Peter Oborne s’est entretenu avec les habitants des zones tenues par le gouvernement au sujet de leur lutte pour la « civilisation » et de la dernière campagne visant à éradiquer le terrorisme en Syrie
Par Peter Oborne
Lorsque le soulèvement syrien a commencé au début de l’été 2011, Alep ne s’y est pas joint. Il y a eu quelques manifestations, mais celles-ci ont été gérées relativement calmement. Certains manifestants ont été emprisonnés mais il n’y a eu aucune réponse armée comme cela a pu être le cas dans d’autres parties de la Syrie.
Au début de l’année 2012, date à laquelle une grande partie de Damas était en guerre, la communauté des affaires aleppine dit avoir été la cible d’une série d’assassinats et de meurtres. Les dirigeants politiques et religieux disent qu’ils ont été menacés de mort ou de torture s’ils ne passaient pas dans le camp des rebelles.
« Nous savions que nous étions pris pour cible », dit Fares Shehabi, directeur de la chambre d’industrie d’Alep. « Nous savions ce qui allait arriver. Nous avons envoyé un message demandant l’envoi de l’armée à Alep. » Cette demande a été ignorée.
Le 5 juillet la même année, un convoi armé (la Brigade Liwa al-Tawhid, un groupe islamiste qui avait auparavant fait l’éloge d’al-Nosra) est arrivé dans la vieille ville d’Alep. Il s’est dispersé, a brûlé des commissariats et mis en place des barrages routiers.
En quelques semaines, les brigades rebelles avaient pris une grande partie de la ville. « Au début, nous pensions qu’ils étaient Syriens », a déclaré Shehabi. « Mais après quelques semaines, nous avons eu vent d’étrangers. De combattants de Tchétchénie, d’Ouzbékistan, de Jordanie, d’Arabie saoudite, d’Irak, d’Égypte. »
« Il ne s’agissait pas d’un changement de régime, c’était une invasion. Et pourquoi prenait-elle une forme religieuse ? Pourquoi portait-elle une barbe ? Nous ne sommes pas prêts à remplacer une société laïque par une société religieuse. »
Les nouveaux arrivants ont établi des tribunaux religieux. Les femmes ont été confinées à leur domicile et ont été contraintes de se couvrir. L’alcool et le tabac ont été interdits. « Je suis sunnite, mais ils me considèrent comme un infidèle », a déclaré Shehabi.

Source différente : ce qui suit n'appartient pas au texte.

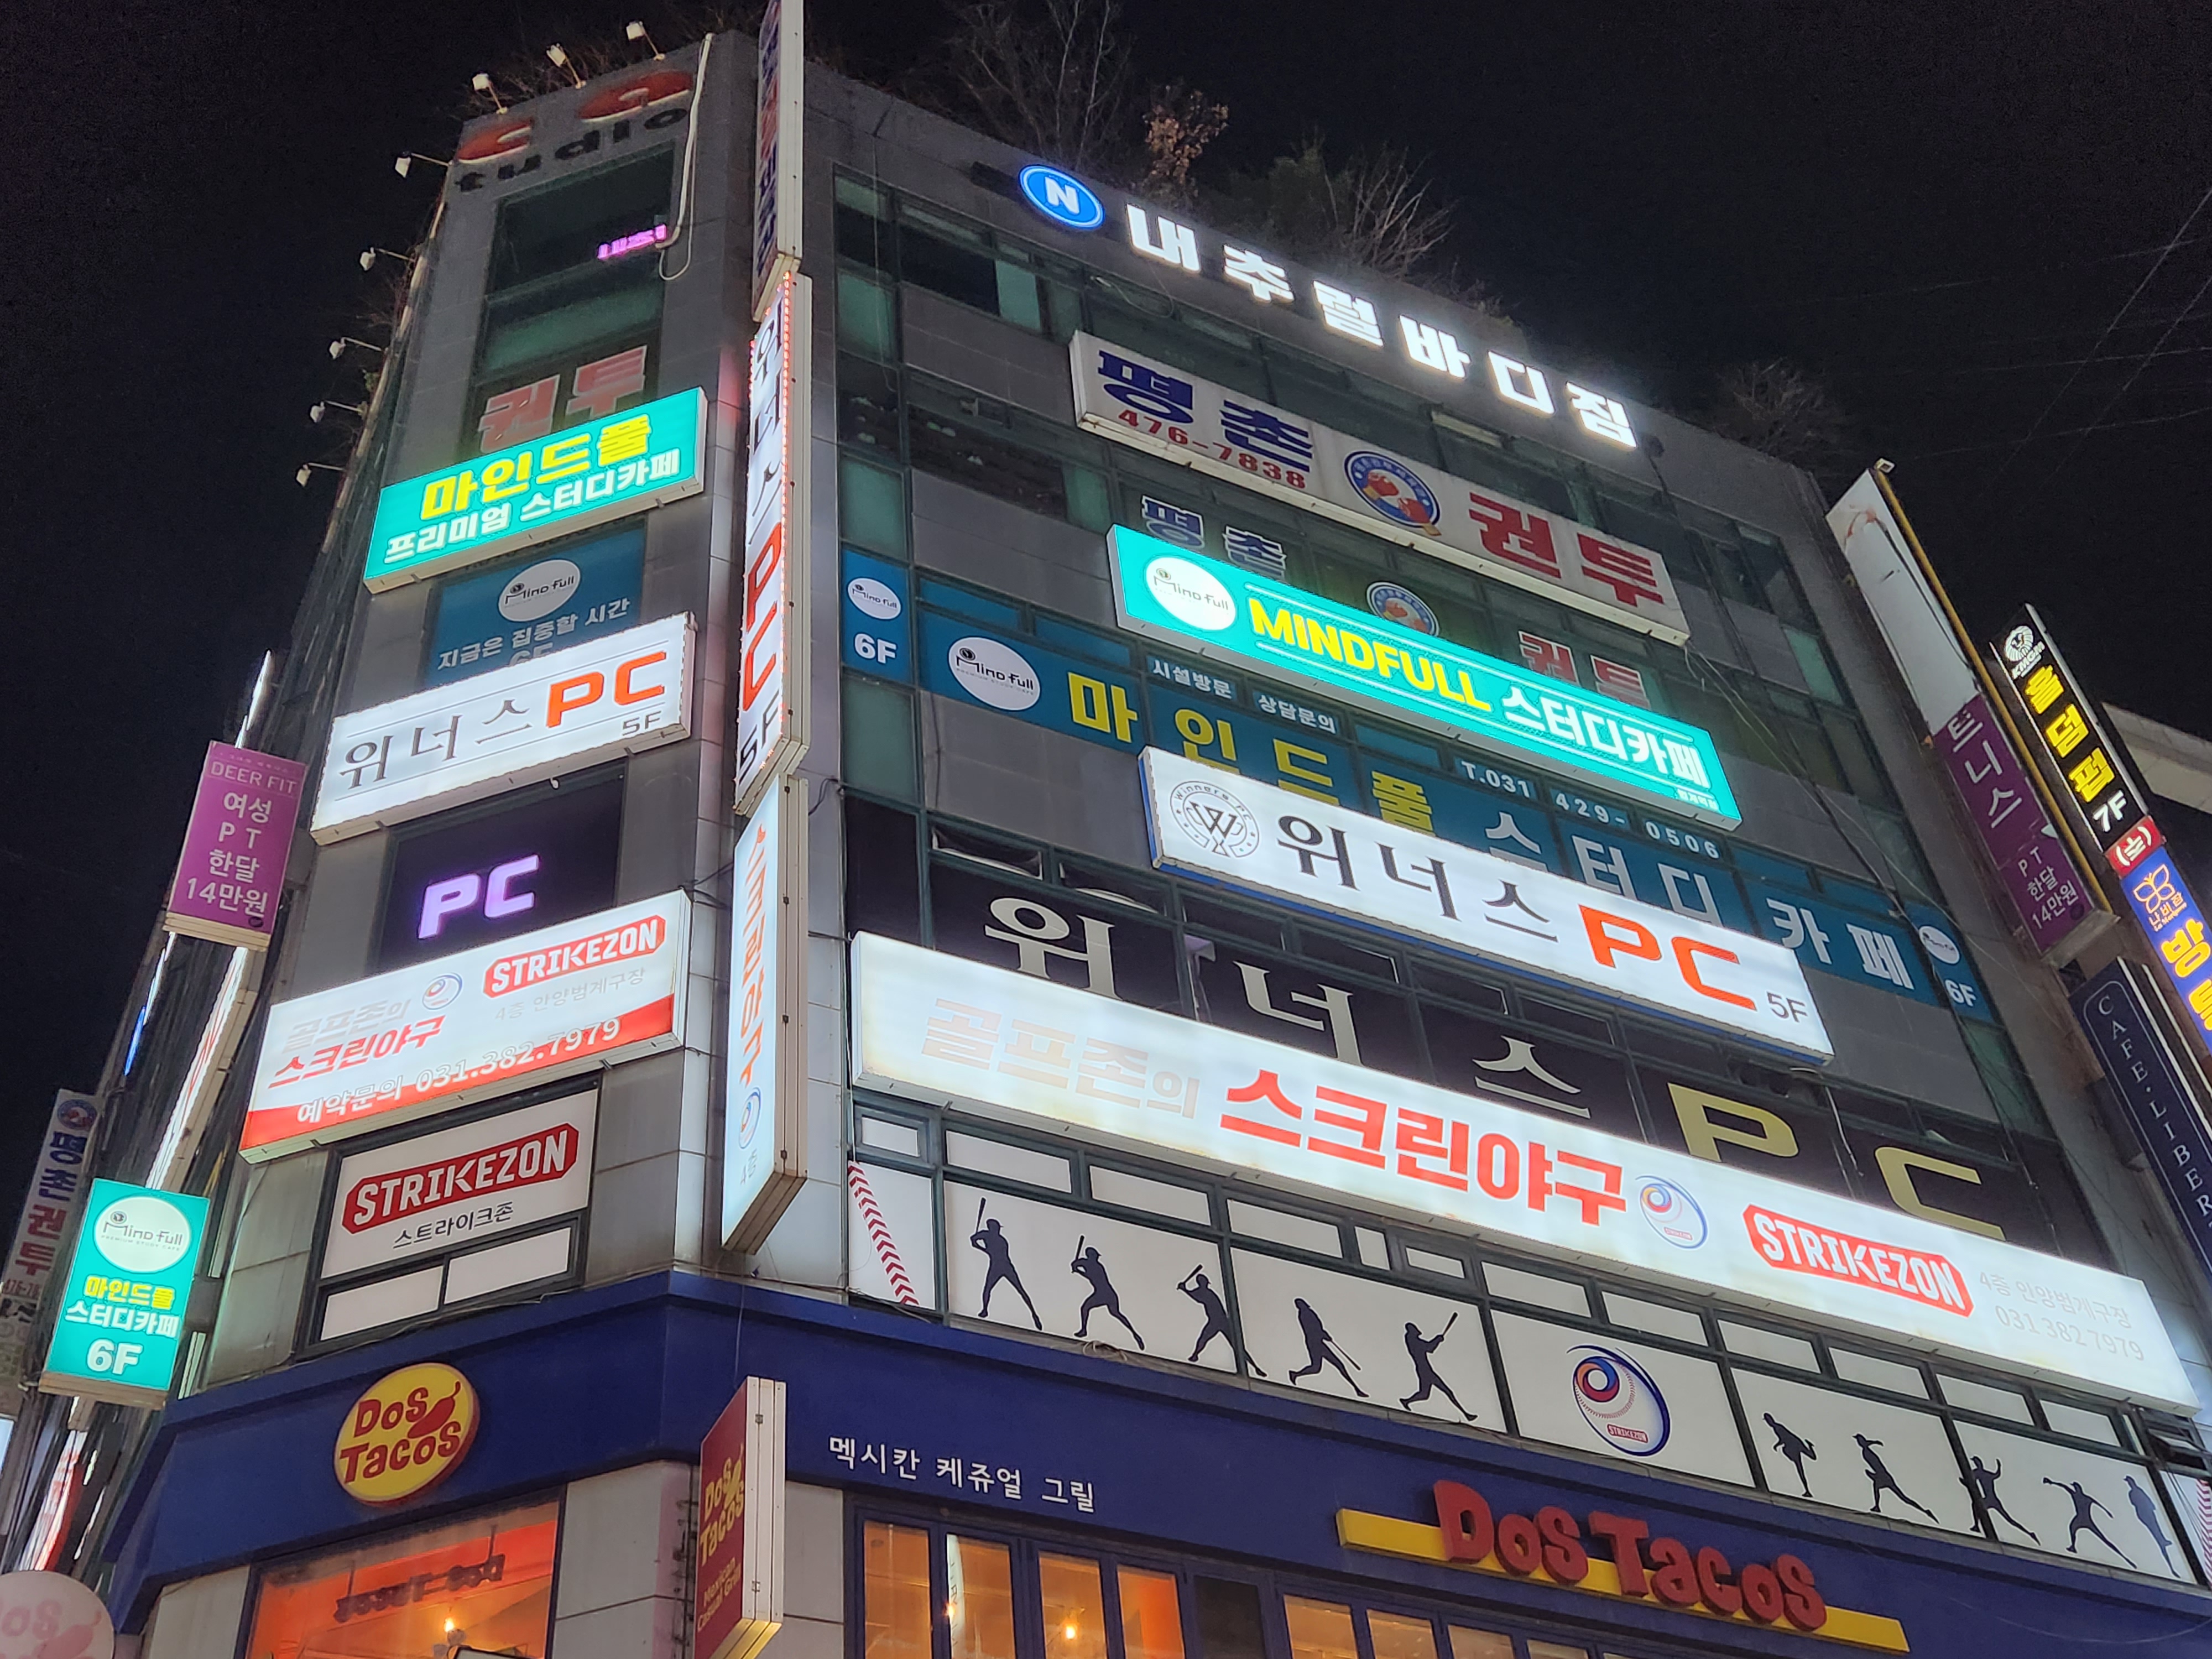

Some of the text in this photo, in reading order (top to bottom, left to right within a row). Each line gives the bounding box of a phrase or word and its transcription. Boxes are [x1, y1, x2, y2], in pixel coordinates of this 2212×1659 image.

L’homme d’affaires aleppin soutient que le paradigme du conflit syrien promu par les gouvernements et les médias occidentaux est faux. […]
Il soutient que la véritable fracture se situe entre une culture de tolérance religieuse – notamment les sunnites modérés comme
lui – et l’interprétation wahhabite de l’islam soutenu par l’Arabie saoudite.
« Il ne s’agit pas d’une guerre à propos du président Assad et de son régime ou État. Je ne suis pas un membre du parti Baas. Cela concerne l’identité et le style de vie », a-t-il expliqué.
Pour Shehabi et tous les autres habitants d’Alep que j’ai rencontrés, la guerre doit être envisagée d’une manière radicalement différente. Ils soulignent qu’il existe à Alep une culture de tolérance et de compréhension mutuelle embrassant chrétiens, chiites, alaouites et sunnites ordinaires – un mélange qui existe depuis des temps immémoriaux.
Encore et encore, les habitants m’ont demandé pourquoi le gouvernement britannique et l’OTAN étaient du côté de l’islam militant et du terrorisme.
« Allez à Idlib aujourd’hui », poursuit Shehabi. [Cette ville du nord-est a été prise à l’aide de l’Armée syrienne libre soutenue par l’Occident l’année dernière.] « C’est comme Kandahar [en Afghanistan]. Comment pouvez-vous prétendre que vous voulez faire de la Syrie une démocratie si vous imposez des tribunaux religieux qui ne reconnaissent pas nos religions ou nos différences ethniques. »
Shehabi affirme en outre qu’il croit que l’insurrection à Alep ne faisait pas partie d’un soulèvement syrien, mais a plutôt été délibérément alimentée et orchestrée depuis la Turquie.
« Les Turcs leur ont donné des armes », a-t-il dit. « Ils ont permis aux combattants de traverser la frontière. Ils ont soigné les blessés dans les hôpitaux. »
Il affirme que la Turquie était motivée par le gain économique, détruisant délibérément Alep qu’elle considère comme un rival économique. Shehabi affirme qu’il a des preuves irréfutables que les combattants appuyés par les Turcs ont systématiquement démonté les lignes de production dans le centre industriel d’Alep et expédié les machines de l’autre côté de la frontière.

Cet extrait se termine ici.